Segment Open
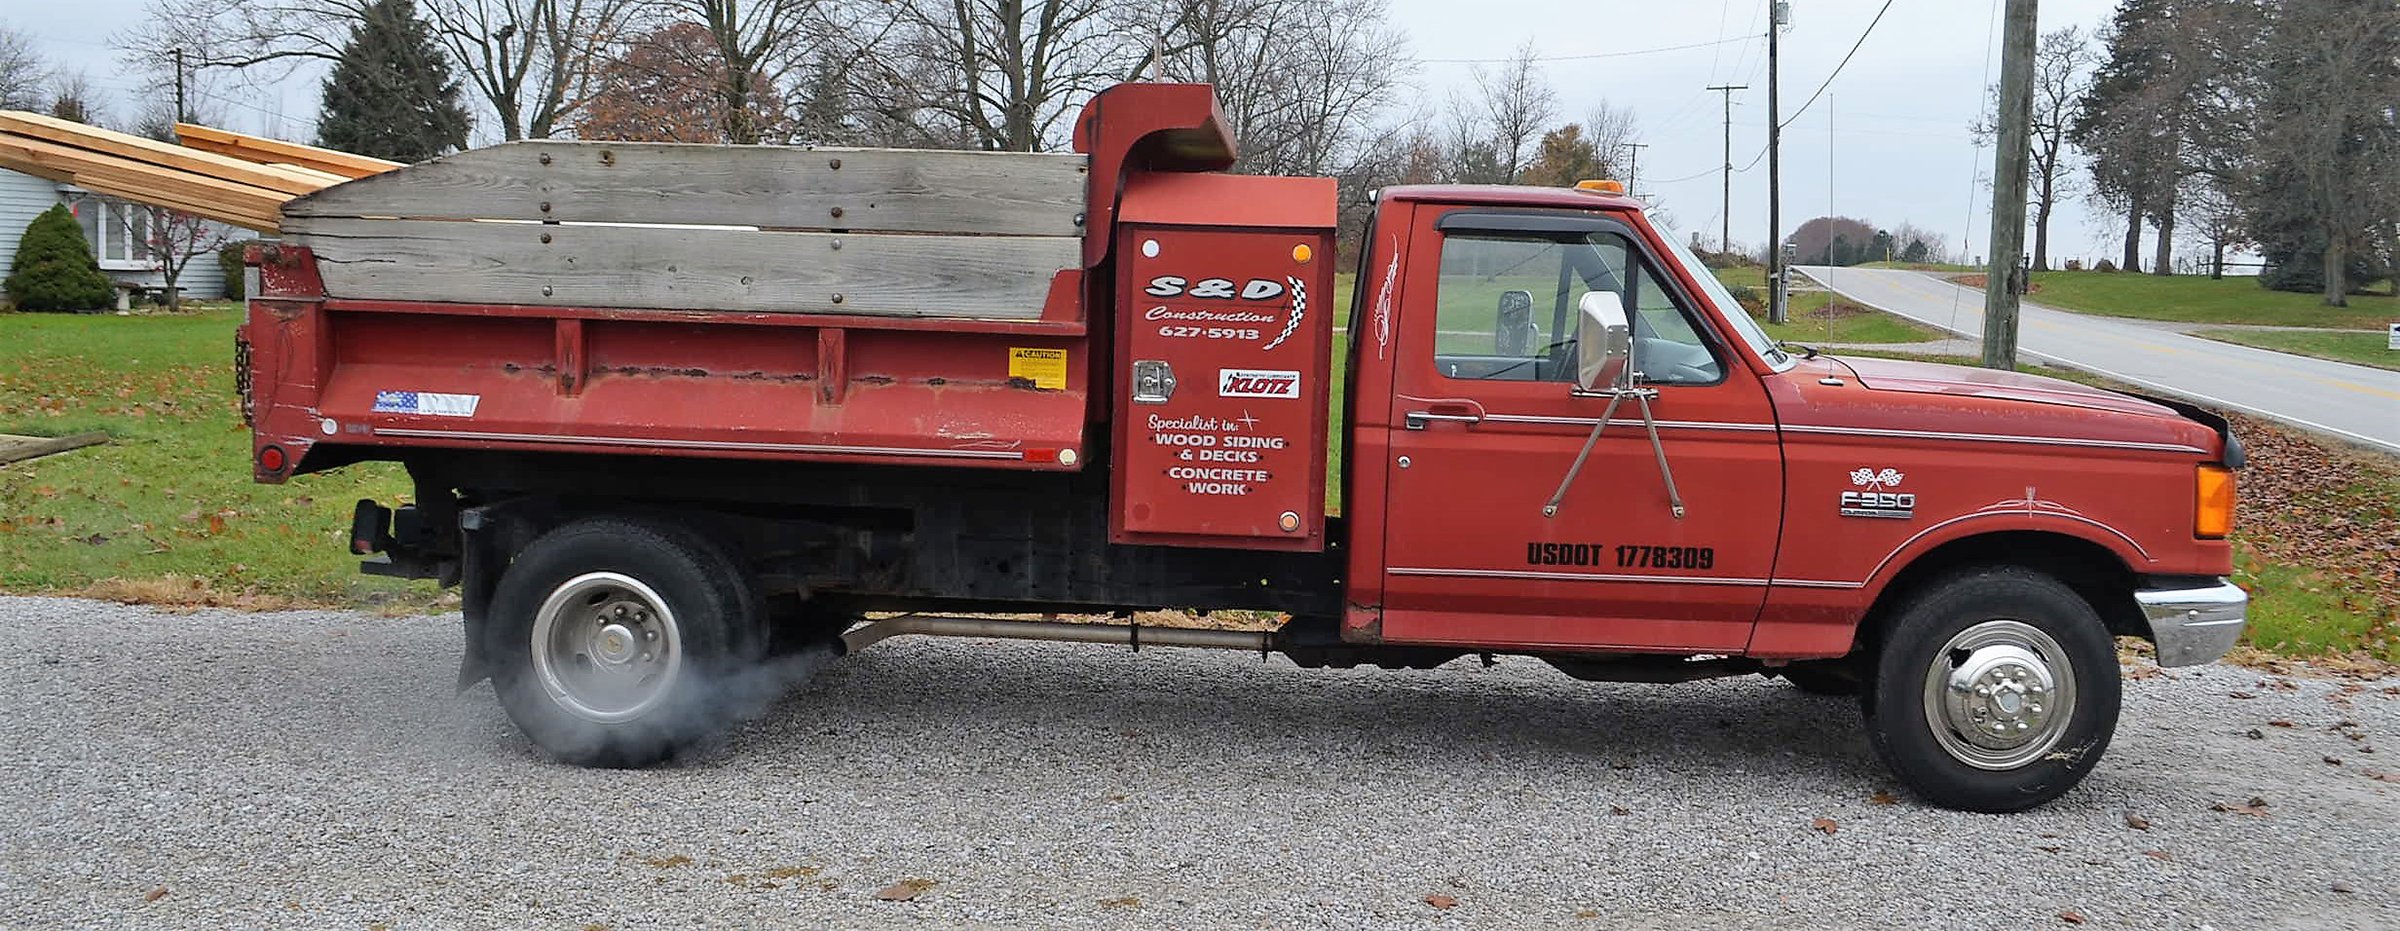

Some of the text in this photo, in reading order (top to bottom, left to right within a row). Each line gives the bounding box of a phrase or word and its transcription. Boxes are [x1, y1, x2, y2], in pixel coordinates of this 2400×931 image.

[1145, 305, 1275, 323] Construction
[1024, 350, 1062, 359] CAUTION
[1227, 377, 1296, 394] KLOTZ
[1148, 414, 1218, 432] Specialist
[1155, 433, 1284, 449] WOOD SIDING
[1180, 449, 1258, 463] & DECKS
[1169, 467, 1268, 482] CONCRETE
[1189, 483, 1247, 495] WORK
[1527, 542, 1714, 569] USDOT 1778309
Segment Closed
WHAT YOU ARE ASKED TO DO:
In your copy of the listing above, reproduce each line exactly and omit all pictures.

SOLUTION TO THE EXERCISE:
Some of the text in this photo, in reading order (top to bottom, left to right within a row). Each line gives the bounding box of a phrase or word and its transcription. Boxes are [x1, y1, x2, y2], in pixel coordinates of this 2400×931 image.

[1145, 305, 1275, 323] Construction
[1024, 350, 1062, 359] CAUTION
[1227, 377, 1296, 394] KLOTZ
[1148, 414, 1218, 432] Specialist
[1155, 433, 1284, 449] WOOD SIDING
[1180, 449, 1258, 463] & DECKS
[1169, 467, 1268, 482] CONCRETE
[1189, 483, 1247, 495] WORK
[1527, 542, 1714, 569] USDOT 1778309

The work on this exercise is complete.